If one parent is aggressive-demanding and verbally and /or physically abusive to the other parent or the child, how does that parent respond? What can they do with their feelings of anger towards the aggressor? Most “how to deal with an aggressive person guides” generally advise:
In dealing with aggression, it is important to respond appropriately. Responding angrily will almost certainly escalate the situation and make it harder to defuse.
The first line of defense is self-control, showing a non-threatening, open stance.
Keeping good eye contact but ensuring this does not appear confrontational.
Moving slowly and steadily. Try to keep your physical movements calm.

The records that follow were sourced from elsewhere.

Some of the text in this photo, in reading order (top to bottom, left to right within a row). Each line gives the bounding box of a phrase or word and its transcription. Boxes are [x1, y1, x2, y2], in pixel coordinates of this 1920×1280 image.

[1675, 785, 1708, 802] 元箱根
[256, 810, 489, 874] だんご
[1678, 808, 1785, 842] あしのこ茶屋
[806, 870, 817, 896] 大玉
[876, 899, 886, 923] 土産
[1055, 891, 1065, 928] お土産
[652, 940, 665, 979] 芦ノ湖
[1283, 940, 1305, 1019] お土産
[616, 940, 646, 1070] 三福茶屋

Respecting the other person’s personal space.
The second is to “listen and accept.”
These may be effective strategies, but they are hardly satisfying or even possible in
interpersonal relationships involving two separating or separate parents.
Passive Aggressive behavior as a response to Aggressive Behavior:
If one can’t express his or her anger openly, oftentimes the only way a non-aggressor can express their anger or upset at the other parent without placing themselves or the children at risk is through passive-aggressive behavior. If you can’t react aggressively, what else can you do especially when anger will only serve to escalate the situation or make it worse?

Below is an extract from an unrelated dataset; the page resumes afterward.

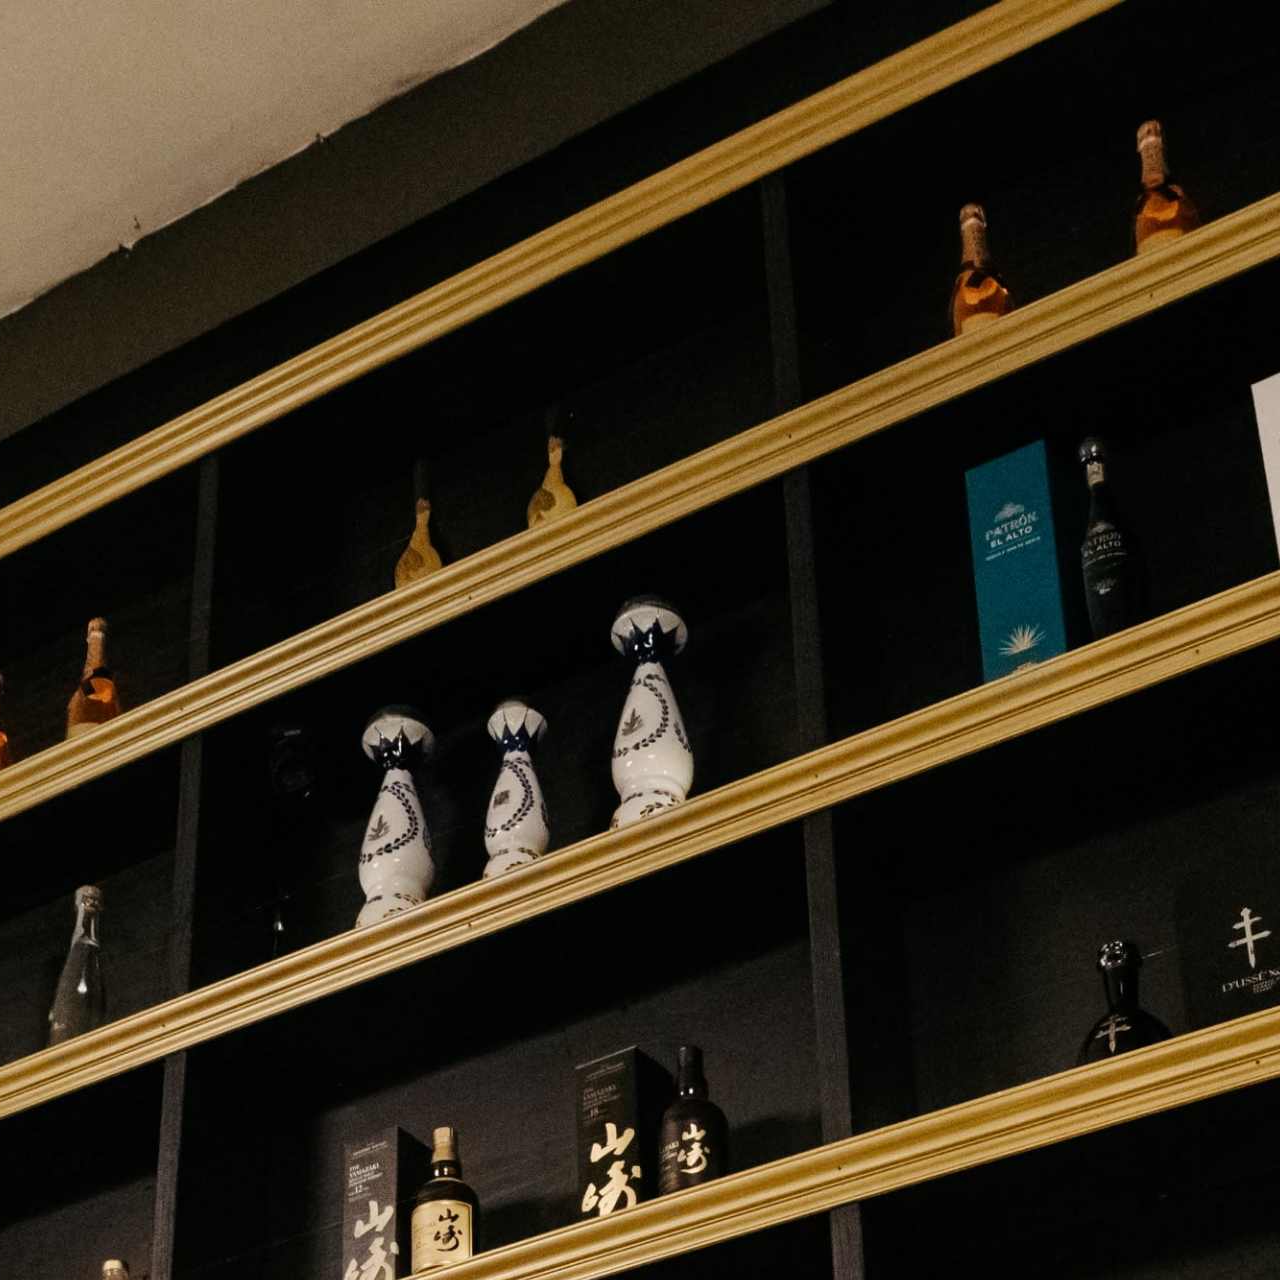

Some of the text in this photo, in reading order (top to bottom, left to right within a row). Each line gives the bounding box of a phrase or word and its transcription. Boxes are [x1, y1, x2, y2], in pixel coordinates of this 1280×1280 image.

[985, 510, 1039, 541] PATRÓN
[989, 536, 1004, 549] EL
[1005, 524, 1033, 541] ALTO
[1086, 530, 1122, 547] ATRÓN

Imagine an aggressive father who makes unilateral decisions for the child enrolling the child in all sorts of activities and telling Mom she has to bring him to the activity. Dad complains that Mom doesn’t respond to his notices regarding the activity. Mom doesn’t respond to Dad believing that Dad is doing what he wants, and she is helpless to stop him. Her only recourse is to fail to participate in his decision making, thereby acting passive-aggressively to his overt aggression. She refuses to bring the child to the activity actively opposing his demand.
Mom makes all decisions for the child contrary to court order, all doctor’s appts without telling Dad in a pattern of eliminating Dad from the child’s medical care. Dad responds by making his own appointment and brings the child to his appointment thereby circumventing Mom’s aggressive avoidance of including him. Dad’s reaction is passive-aggressive to Mom’s aggressive acts of ignoring him.
What can the Court Do?
In the two examples above, there is no physical aggression. In a situation involving domestic violence or physical or sexual abuse, the court can make orders of protection, orders of supervised visitation or deny parental access outright.
When the “aggressive” behavior is designed to control the other parent’s time with the child by scheduling activities during their parenting time or visitation or to keep the parent out of the child’s life by failing to include them in medical appointments, the parent whose time is being controlled or the parent who is being kept out, can return to court and try to show through emails, enrollments, calendars, and appointments what the other parent is doing.
In a court system handling cases of abuse or neglect of children these aggressive behaviors can be overlooked or trivialized by an overworked court. The pattern of behavior is none the less alarming as it attempts to control or minimize one parent’s role in the child’s life.
Passive-aggressive behavior is often a response to out and out aggressive behavior and should be looked at within that lens.